El humilde es el único que no tiene enemigos. Mientras que ante una persona orgullosa y pagada de sí misma todos nos ponemos en guardia, todos recelamos, todos nos distanciamos, todos tememos…
Sabido es que la humildad ha sido comparada siempre con la violeta, esa florecita con tan poca apariencia, escondida bajo la hierba, de modo que casi no la descubrimos, pero que llena de perfume embriagador todo el ambiente. Una fina poetisa, siguiendo el símbolo de la violeta, la ha cantado con estos versos:
Habito en cáliz de oculta violeta:
el mundo me mira con rara piedad;
yo soy de los santos la amiga discreta;
yo soy la humildad (Madre Alberta Jiménez)
Otro poeta de mucha categoría, mirando no la humildad, sino a los humildes, les lanza este piropo tantas veces oído: El encanto de las rosas – es que siendo tan hermosas – no conocen que lo son (Pemán)

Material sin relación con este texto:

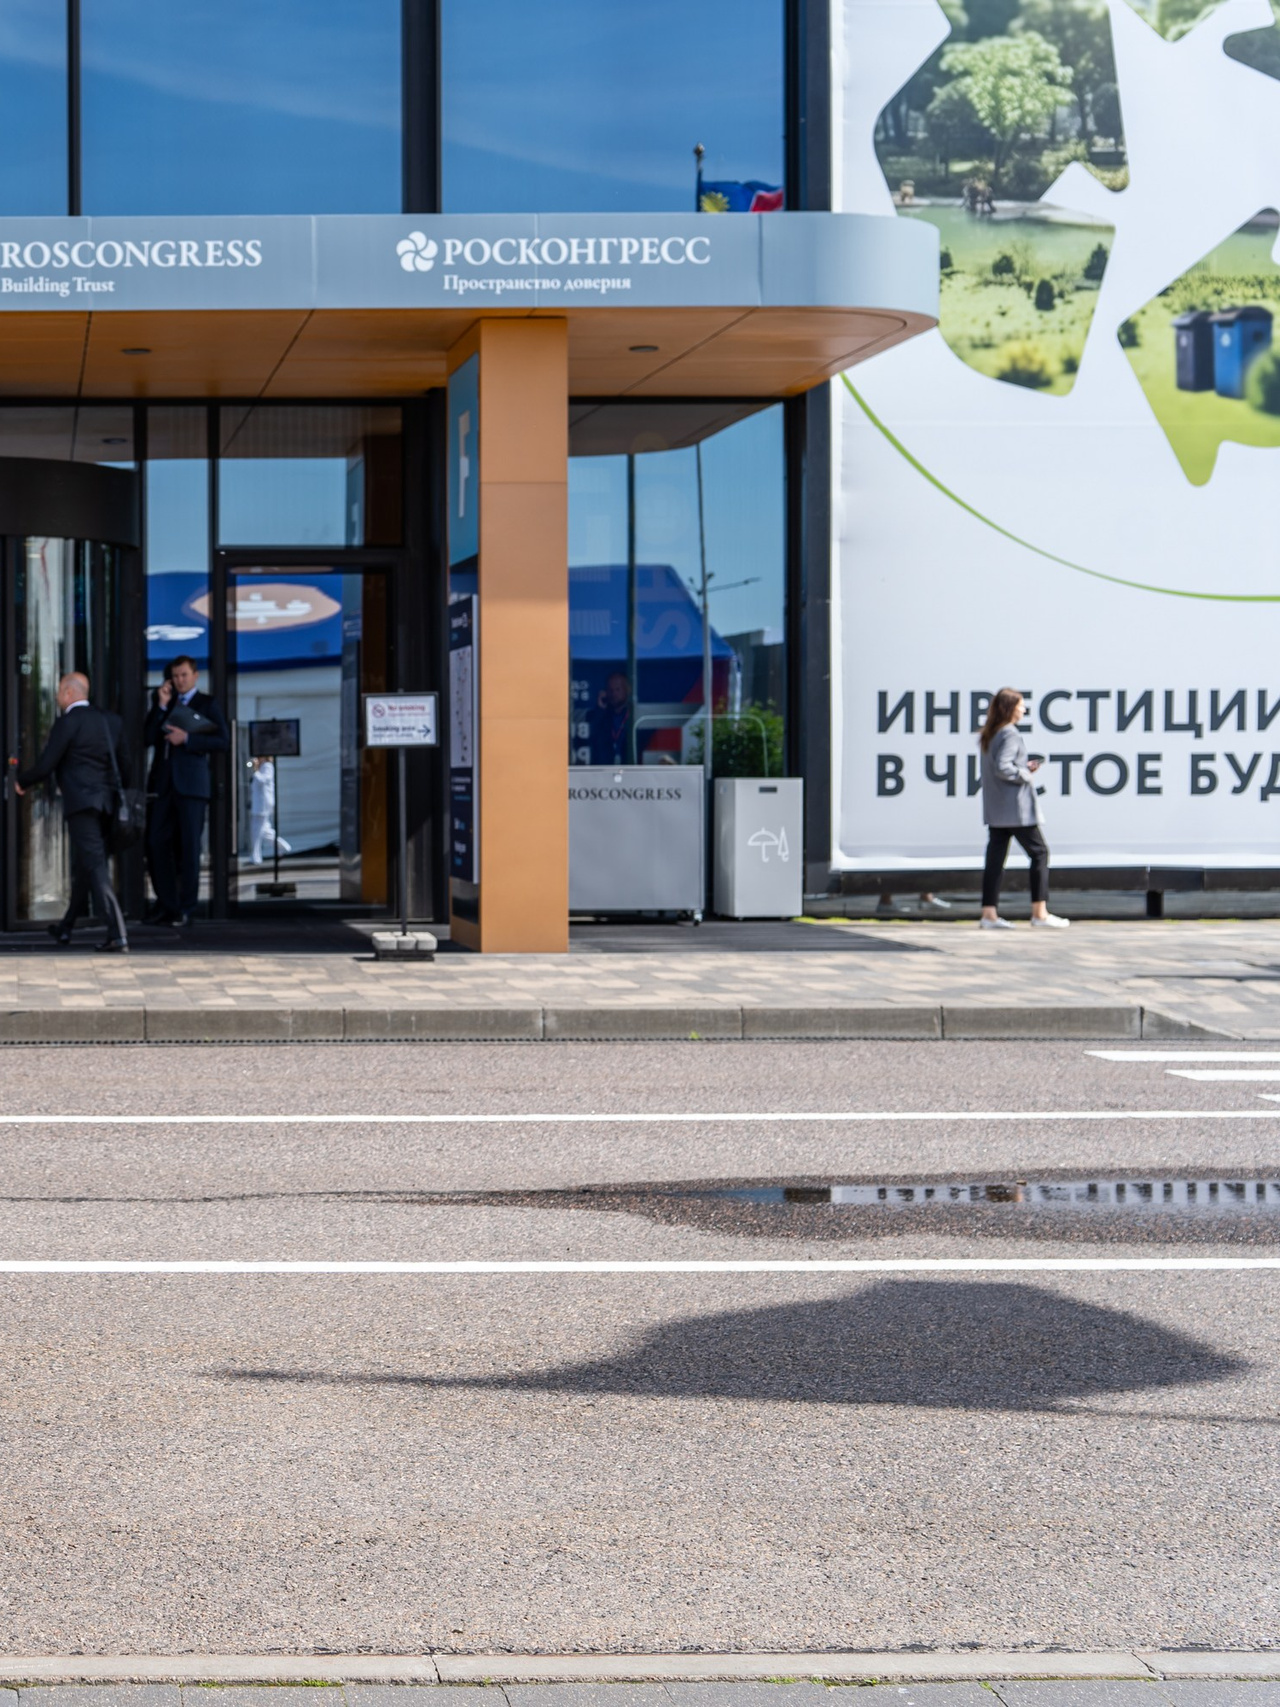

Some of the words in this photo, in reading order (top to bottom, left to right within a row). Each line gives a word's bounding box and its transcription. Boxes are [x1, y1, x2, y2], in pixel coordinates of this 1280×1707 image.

En un monasterio cordobés de la alta Edad Media —han pasado por lo mismo muchos siglos, y aún se recuerda el caso—─hubo una monja dotada del don de una rara humildad. Se llamaba Digna, y, al llamarla por su nombre, ella se dolía profundamente, y suplicaba con dulzura angelical: ¡No, por favor! No me llamen Digna. Llámenme Indigna, que esto es lo que soy, y el nombre debe responder a lo que soy yo, no a lo que piensan ustedes.
Vamos a dejar a Santa Digna con su nombre, aunque ella no lo quiera, porque con ello demuestra que está muy alta en el Cielo…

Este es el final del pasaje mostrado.